Please help me out with Splunk integration with Spring Boot. It will be great if you provided any code snippets or references.
In terms of integration, what are you after? Are you looking to bring data in from Splunk for use in your Sprint Boot application, or are you looking to send data from your application into Splunk?
For logging into Splunk, I suggest you look at the following:
https://github.com/splunk/splunk-library-javalogging
https://docs.spring.io/autorepo/docs/spring-integration-splunk/0.5.x-SNAPSHOT/reference/htmlsingle/
https://github.com/barrycommins/spring-boot-splunk-sleuth-demo
If you are looking to interact with the Splunk application and run queries against it, look at the Splunk Java SDK, https://dev.splunk.com/enterprise/docs/java/sdk-java/howtousesdkjava/
Here are the steps which I have followed to integrate Splunk successfully into my Spring Boot application:
Set up the repository in the pom.xml file by adding the following:
<repositories>
<repository>
<id>splunk-artifactory</id>
<name>Splunk Releases</name>
<url>https://splunk.jfrog.io/splunk/ext-releases-local</url>
</repository>
</repositories>
Add the maven dependency for Splunk jar, within the dependencies tags, which will download and setup the Splunk jar file in the project (In my case the jar file is splunk-1.6.5.0.jar):
<dependency>
<groupId>com.splunk</groupId>
<artifactId>splunk</artifactId>
<version>1.6.5.0</version>
</dependency>
Configure and run the Splunk query from your controller / service / main class:
package com.my.test;
import java.io.BufferedReader;
import java.io.IOException;
import java.io.InputStream;
import java.io.InputStreamReader;
import java.util.HashMap;
import java.util.Map;
import org.springframework.boot.autoconfigure.SpringBootApplication;
import com.fasterxml.jackson.databind.JsonNode;
import com.fasterxml.jackson.databind.ObjectMapper;
import com.splunk.Args;
import com.splunk.HttpService;
import com.splunk.Job;
import com.splunk.SSLSecurityProtocol;
import com.splunk.Service;
#SpringBootApplication
public class Main {
public static String username = "your username";
public static String password = "your password";
public static String host = "your splunk host url like - splunk-xx-test.abc.com";
public static int port = 8089;
public static String scheme = "https";
public static Service getSplunkService() {
HttpService.setSslSecurityProtocol(SSLSecurityProtocol.TLSv1_2);
Map<String, Object> connectionArgs = new HashMap<>();
connectionArgs.put("host", host);
connectionArgs.put("port", port);
connectionArgs.put("scheme", scheme);
connectionArgs.put("username", username);
connectionArgs.put("password", password);
Service splunkService = Service.connect(connectionArgs);
return splunkService;
}
/* Take the Splunk query as the argument and return the results as a JSON
string */
public static String getQueryResultsIntoJsonString(String query) throws IOException {
Service splunkService = getSplunkService();
Args queryArgs = new Args();
//set "from" time of query. 1 = from beginning
queryArgs.put("earliest_time", "1");
//set "to" time of query. now = till now
queryArgs.put("latest_time", "now");
Job job = splunkService.getJobs().create(query);
while(!job.isDone()) {
try {
Thread.sleep(500);
} catch(InterruptedException ex) {
ex.printStackTrace();
}
}
Args outputArgs = new Args();
//set format of result set as json
outputArgs.put("output_mode", "json");
//set offset of result set (how many records to skip from the beginning)
//Default is 0
outputArgs.put("offset", 0);
//set no. of records to get in the result set.
//Default is 100
//If you put 0 here then it would be set to "no limit"

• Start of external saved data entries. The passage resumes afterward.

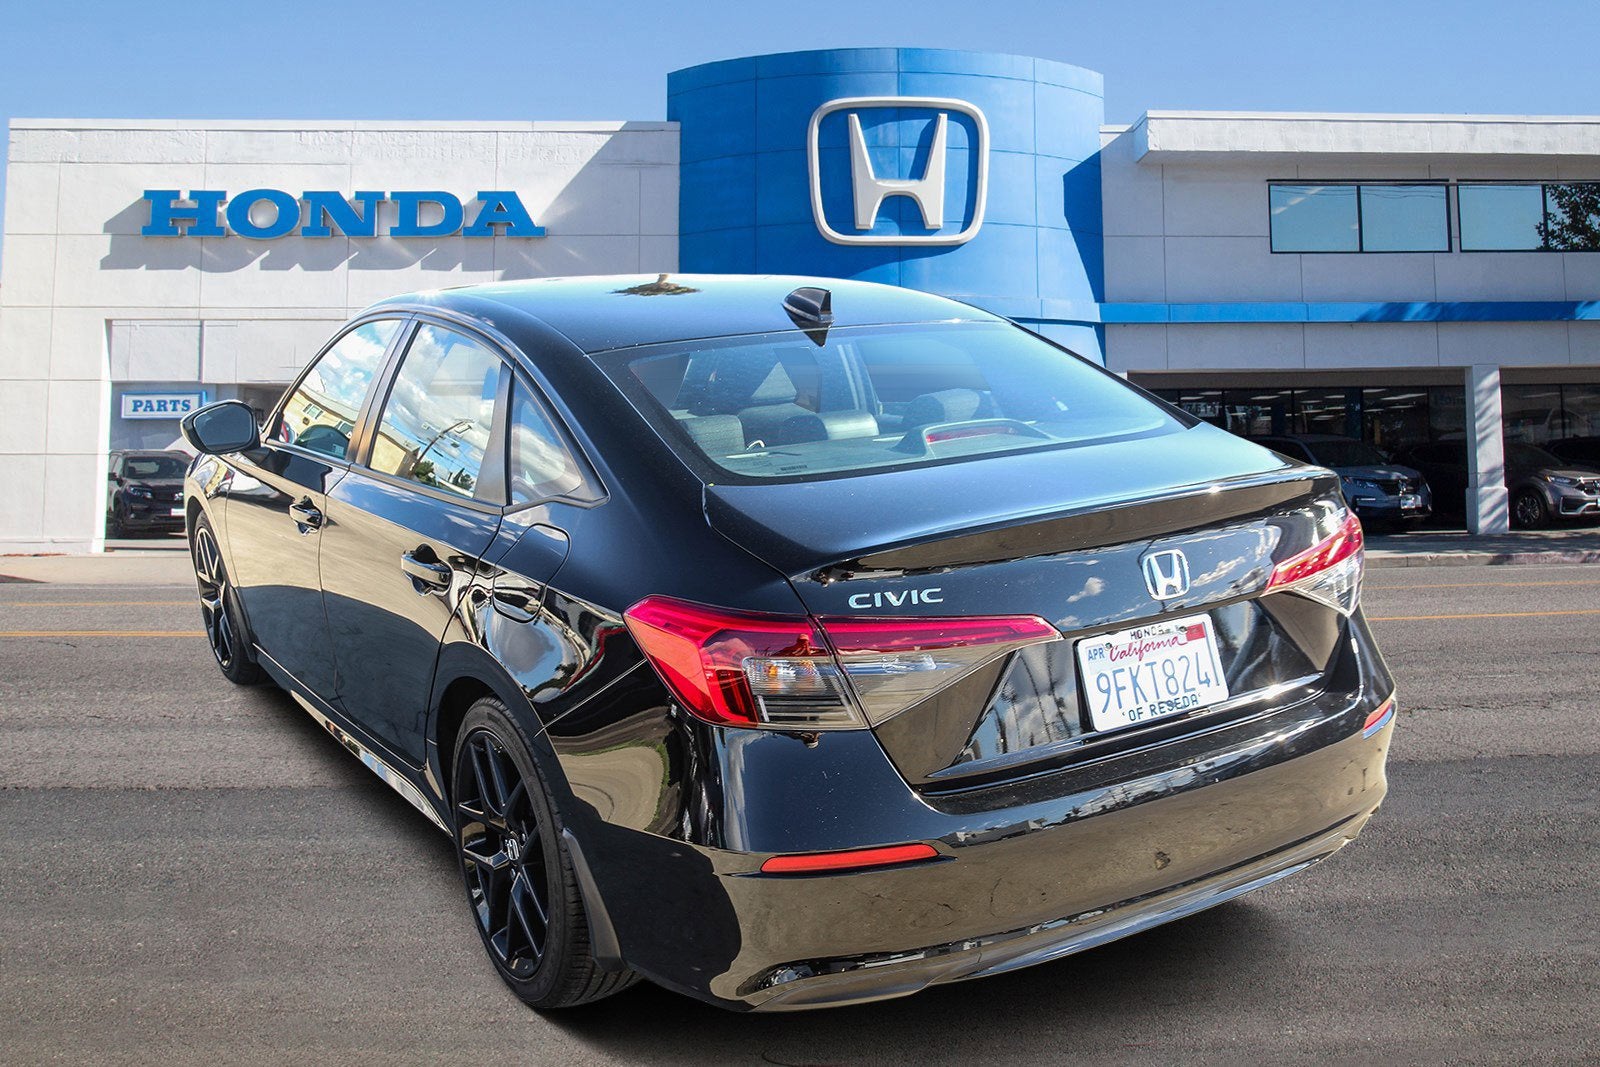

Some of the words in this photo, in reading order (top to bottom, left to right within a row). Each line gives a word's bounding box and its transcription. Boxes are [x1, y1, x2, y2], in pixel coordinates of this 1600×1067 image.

[141, 188, 548, 239] HONDA
[132, 399, 191, 412] PARTS
[848, 588, 944, 609] CIVIC
[1088, 647, 1105, 661] APR
[1110, 633, 1188, 662] California
[1096, 652, 1211, 713] 9FKT824
[1128, 707, 1143, 721] OF
[1149, 694, 1199, 716] RESEDA

//(i.e. get all records, don't truncate anything in the result set)
outputArgs.put("count", 0);
InputStream inputStream = job.getResults(outputArgs);
//Now read the InputStream of the result set line by line
//And return the final result into a JSON string
//I am using Jackson for JSON processing here,
//which is the default in Spring boot
BufferedReader in = new BufferedReader(new InputStreamReader(inputStream));
String resultString = null;
String aLine = null;
while((aLine = in.readLine()) != null) {
//Convert the line from String to JsonNode
ObjectMapper mapper = new ObjectMapper();
JsonNode jsonNode = mapper.readTree(aLine);
//Get the JsonNode with key "results"
JsonNode resultNode = jsonNode.get("results");
//Check if the resultNode is array
if (resultNode.isArray()) {
resultString = resultNode.toString();
}
}
return resultString;
}
/*Now run your Splunk query from the main method (or a RestController or a Service class)*/
public static void main(String[] args) {
try {
getQueryResultsIntoJsonString("search index=..."); //your Splunk query
} catch (IOException e) {
e.printStackTrace();
}
}
}

How to refresh the key and value in cache after they are expired in Guava (Spring)

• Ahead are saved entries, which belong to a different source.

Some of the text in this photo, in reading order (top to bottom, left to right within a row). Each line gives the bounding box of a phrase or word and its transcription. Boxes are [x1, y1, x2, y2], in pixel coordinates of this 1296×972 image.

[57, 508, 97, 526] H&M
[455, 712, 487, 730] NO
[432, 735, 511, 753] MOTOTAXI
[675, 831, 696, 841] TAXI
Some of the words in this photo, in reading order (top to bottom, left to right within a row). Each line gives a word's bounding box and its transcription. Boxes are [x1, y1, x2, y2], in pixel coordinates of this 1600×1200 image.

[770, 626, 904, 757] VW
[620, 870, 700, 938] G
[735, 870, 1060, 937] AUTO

So, I was looking at caching methods in Java (Spring). And Guava looked like it would solve the purpose.
This is the usecase -
I query for some data from a remote service. Kind of configuration field for my application. This field will be used by every inbound request to my application. And it would be expensive to call the remote service everytime as it's kind of constant which changes periodically.
So, on the first request inbound to my application, when I call remote service, I would cache the value. I set an expiry time of this cache as 30 mins. After 30 mins when the cache is expired and there is a request to retrieve the key, I would like a callback or something to do the operation of calling the remote service and setting the cache and return the value for that key.

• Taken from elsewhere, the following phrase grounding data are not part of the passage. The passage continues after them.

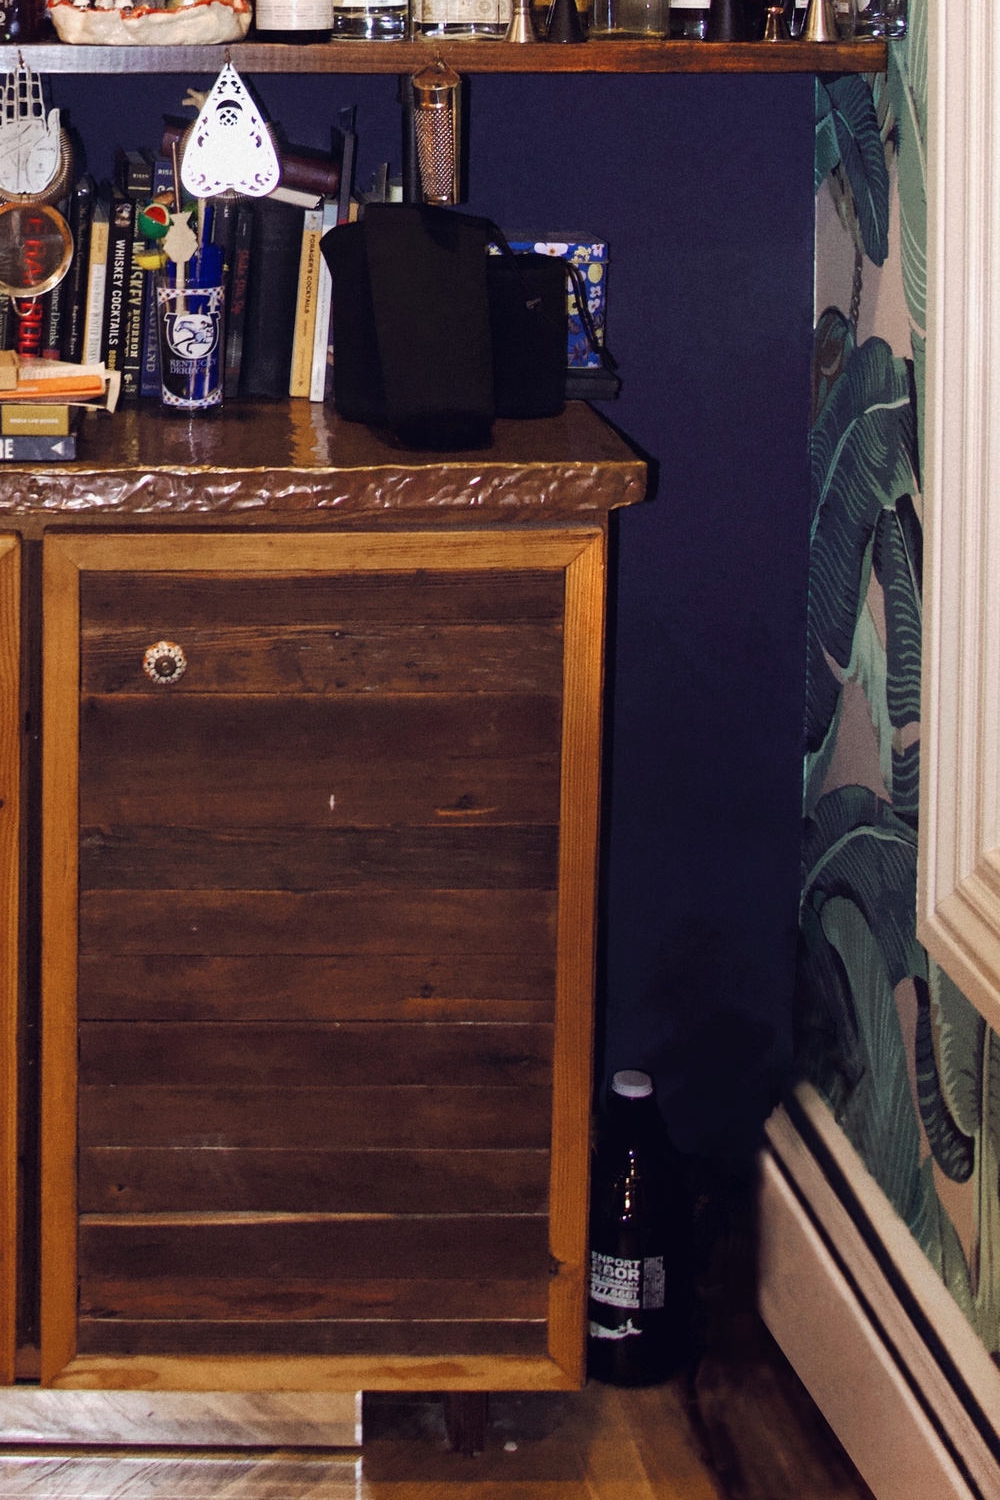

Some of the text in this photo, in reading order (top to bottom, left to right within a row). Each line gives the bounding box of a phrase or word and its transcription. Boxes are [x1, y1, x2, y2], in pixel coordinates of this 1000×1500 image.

[304, 233, 317, 314] FORAGER'S COCKTAILS
[109, 240, 126, 346] WHISKEY COCKTAILS
[49, 312, 61, 347] Drinks
[130, 308, 141, 358] BOURBON
[169, 358, 218, 368] KENTUCKY
[169, 366, 200, 375] DERBY
[592, 1251, 641, 1270] ENPORT

How can I do it in Guava cache?
Here i give a example how to use guava cache. If you want to handle removal listener then need to call cleanUp. Here i run a thread which one call clean up every 30 minutes.
import com.google.common.cache.*;
import org.springframework.stereotype.Component;
import java.util.concurrent.Executors;
import java.util.concurrent.TimeUnit;
#Component
public class Cache {
public static LoadingCache<String, String> REQUIRED_CACHE;
public Cache(){
RemovalListener<String,String> REMOVAL_LISTENER = new RemovalListener<String, String>() {
#Override
public void onRemoval(RemovalNotification<String, String> notification) {
if(notification.getCause() == RemovalCause.EXPIRED){
//do as per your requirement
}
}
};
CacheLoader<String,String> LOADER = new CacheLoader<String, String>() {
#Override
public String load(String key) throws Exception {
return null; // return as per your requirement. if key value is not found
}
};
REQUIRED_CACHE = CacheBuilder.newBuilder().maximumSize(100000000)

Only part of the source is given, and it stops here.